If you don't have accurate data, you won't be working at the correct heart rate zone and getting the physiological benefits from your training sessions.

Heart Rate Training Requires a few things to get right.

You'll need a training plan to follow and have total belief in that plan to get started. You have to commit to heart rate training, not pick and choose when to follow it (apart from a few instances, as we'll discuss in heart rate training limitations below). Just because you don't like the numbers you are getting on a particular day doesn't mean you throw it all away.

Each session in your plan will be designed to interact with the others, and you need to do them at the right intensity.

You'll need to have plenty of patience. Physiological change takes time and is not an app you buy on your phone for instant success. Be consistent over a long time, and you will enjoy the results. If you aren't patient and let the training take effect, you won't see results.

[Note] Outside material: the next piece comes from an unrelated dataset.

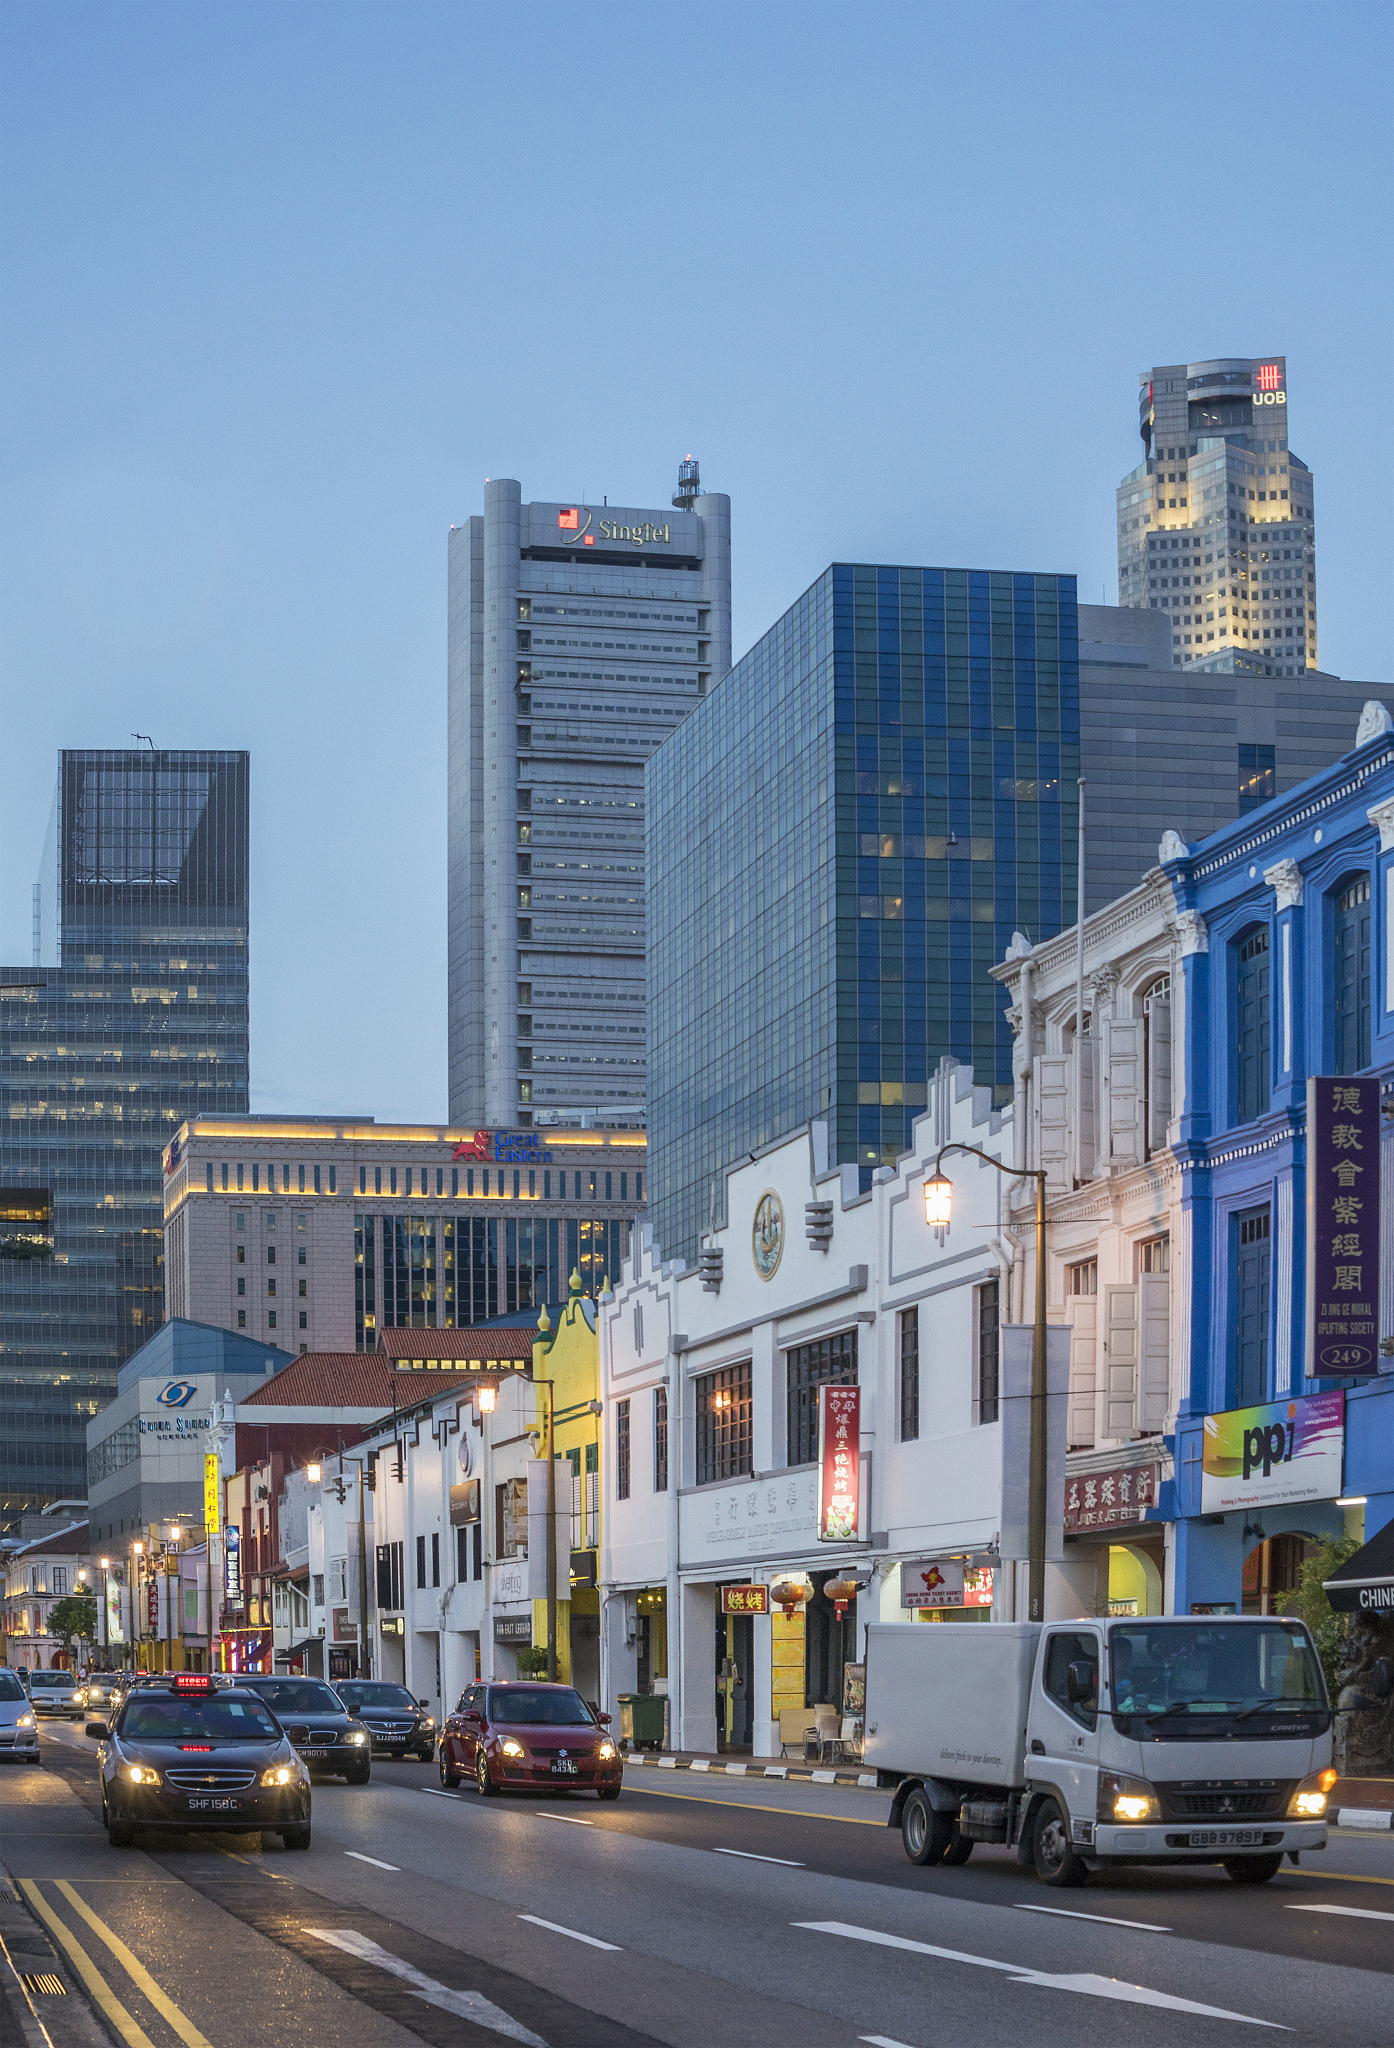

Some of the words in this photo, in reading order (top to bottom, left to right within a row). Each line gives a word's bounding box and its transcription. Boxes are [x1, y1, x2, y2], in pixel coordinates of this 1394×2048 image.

Heart Rate Training isn't perfect.

An increase in effort won't have an instant increase in your heart rate number. It takes time for the body to adjust.

On shorter repetitions (1 to 2 minutes long), you might not reach the "correct" heart rate zone until near the end of that repetition. As you progress through the workout, this will change, and you'll be spending more time in the correct zone.

When working in upper heart rate zones (Zone 5, you might use some pace values to complement the training.

If my session was 1km reps at 10km pace, I'd take my 10km time, work out how long each kilometre would take, and aim to run that for the reps.

I'd then use Heart Rate to make sure I wasn't running too hard for 10km effort. Keeping in mind that it will take a few reps to get into the correct zone.

I won't look to be in the correct Heart Rate zone on a more extended threshold session (8 to 10 minutes) until at least a few minutes into the first rep. If I tried to get to the correct number over the first 30 seconds, I'd be running way too fast!

You don't need to train to heart rate, and some of the best runners in the world don't. However, we've seen real benefits for the athletes we have coached.